All of the entries are to be repeated exactly, with no pictures included.

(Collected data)
★ ★ ★ ★ ★ ★ ★
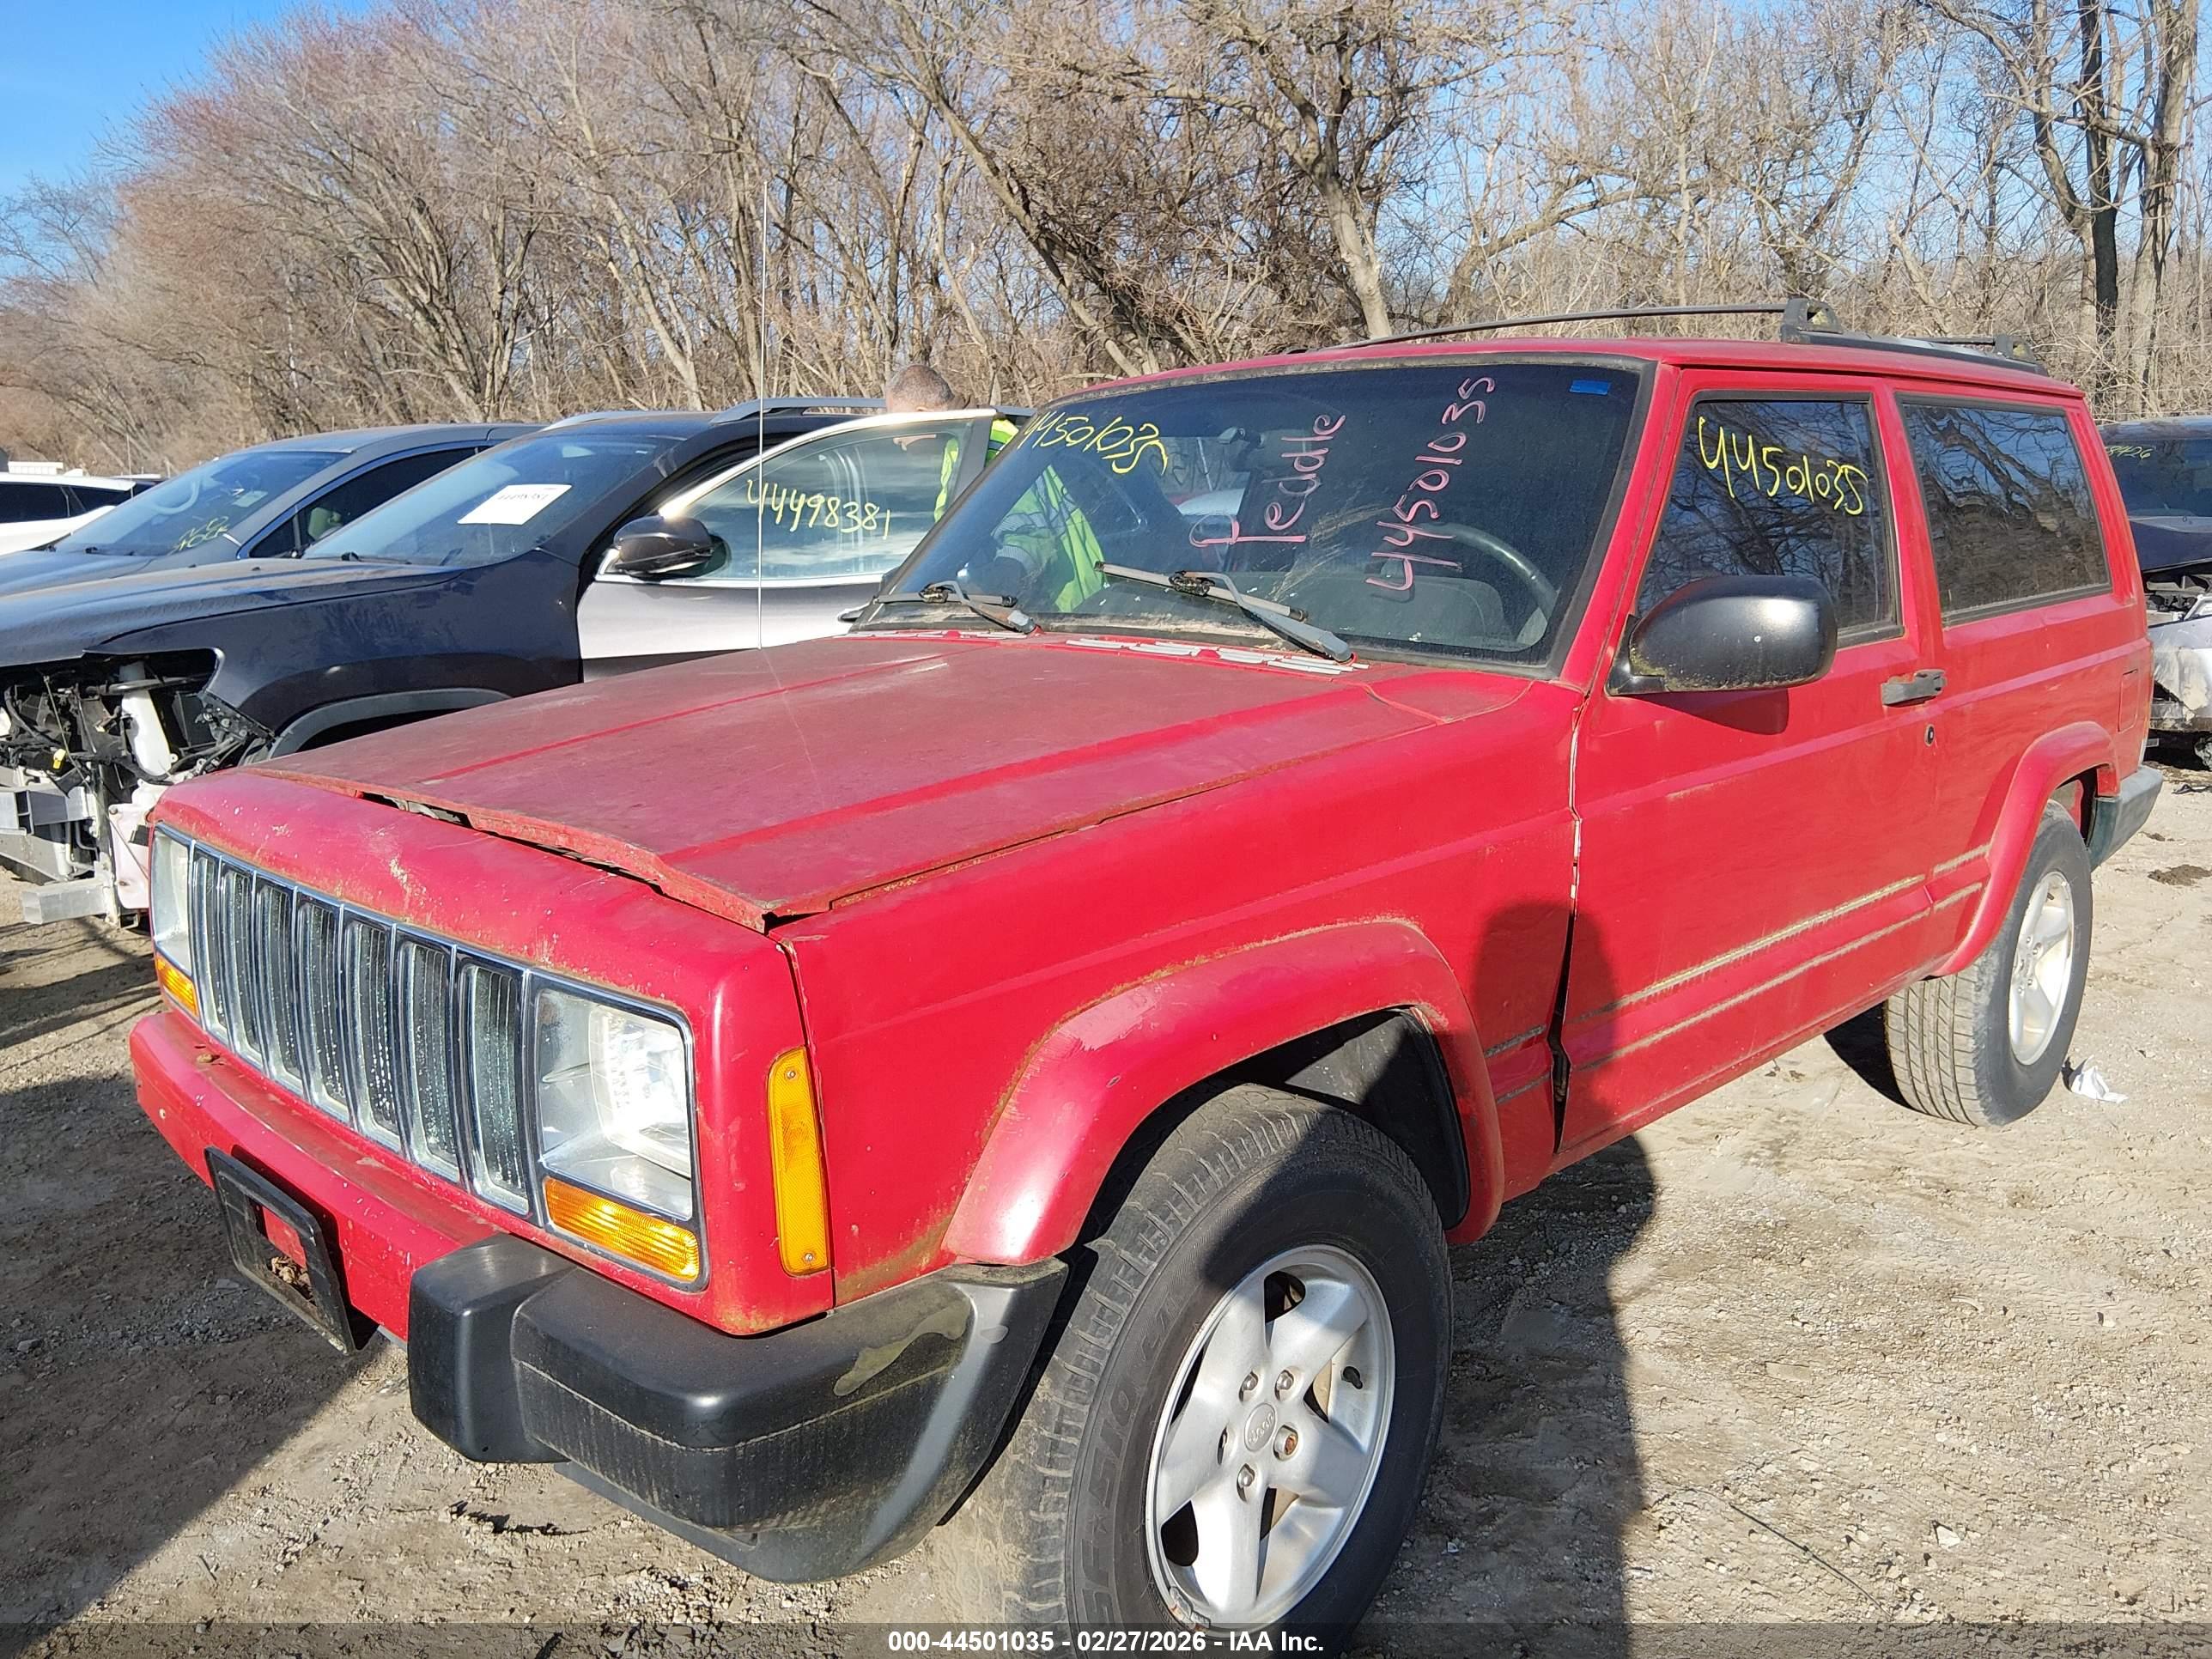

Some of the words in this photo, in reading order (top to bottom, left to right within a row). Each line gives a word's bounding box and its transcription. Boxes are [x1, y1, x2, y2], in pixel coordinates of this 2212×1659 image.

[746, 478, 891, 540] 44498381
[1188, 414, 1346, 548] Peddle
[1365, 376, 1496, 591] 44501035
[1698, 416, 1869, 515] 44501035
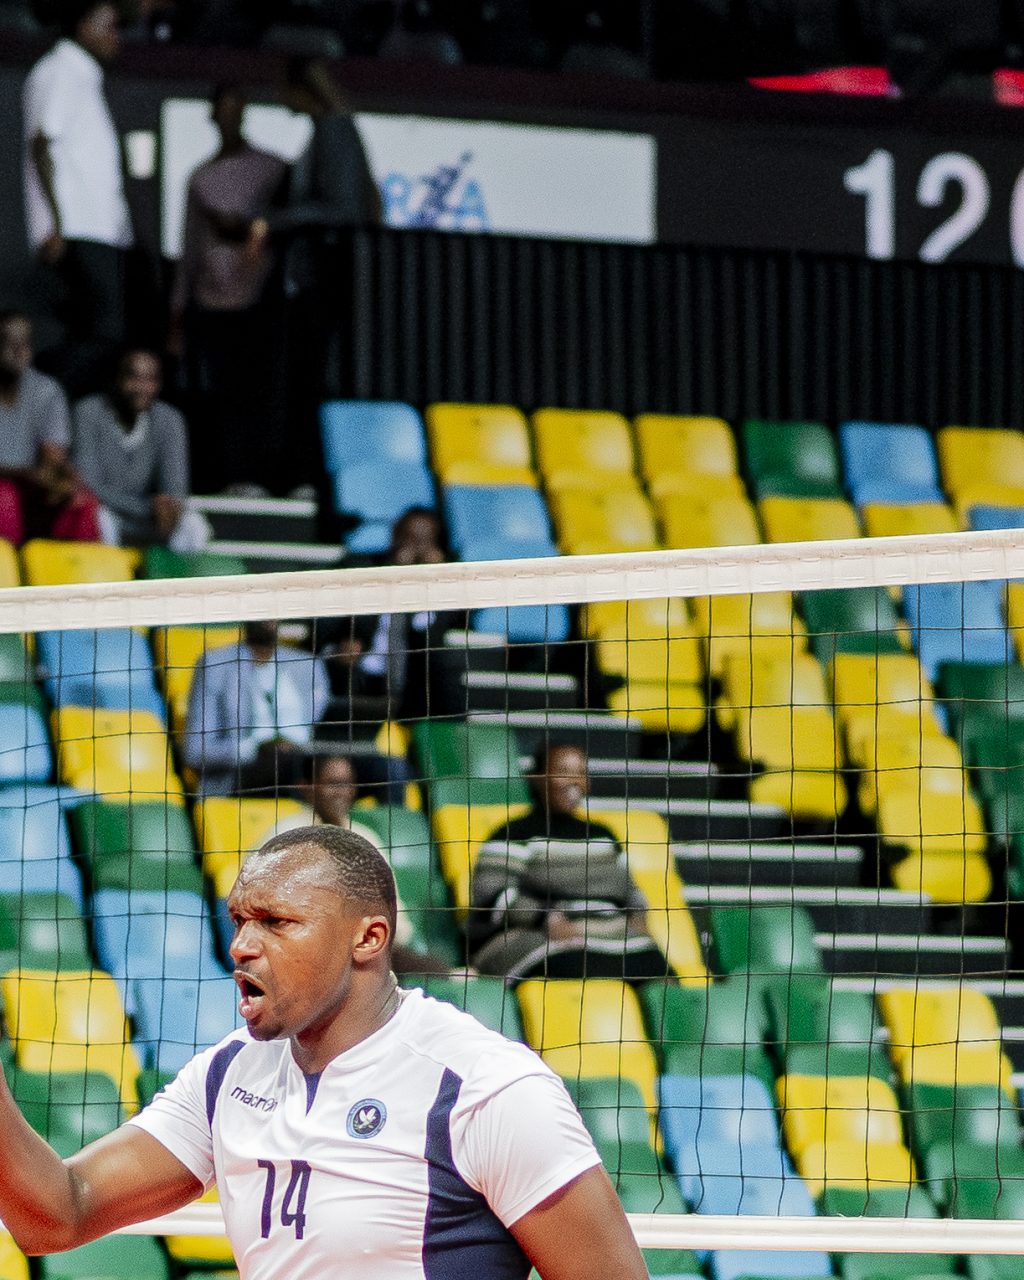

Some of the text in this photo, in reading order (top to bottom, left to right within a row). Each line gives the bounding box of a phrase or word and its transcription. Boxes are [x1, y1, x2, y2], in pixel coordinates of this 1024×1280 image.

[842, 148, 1024, 268] 12
[230, 1086, 278, 1113] macron
[256, 1158, 312, 1240] 14
★ ★ ★ ★ ★ ★ ★
> Answer to the exercise
Some of the words in this photo, in reading order (top to bottom, left to right within a row). Each line gives a word's bounding box and its transcription. Boxes are [x1, y1, x2, y2], in pixel coordinates of this 2212×1659 image.

[746, 478, 891, 540] 44498381
[1188, 414, 1346, 548] Peddle
[1365, 376, 1496, 591] 44501035
[1698, 416, 1869, 515] 44501035

Some of the text in this photo, in reading order (top to bottom, left to right within a row). Each line gives the bounding box of a phrase or word and its transcription. Boxes are [x1, y1, x2, y2], in pixel coordinates of this 1024×1280 image.

[842, 148, 1024, 268] 12
[230, 1086, 278, 1113] macron
[256, 1158, 312, 1240] 14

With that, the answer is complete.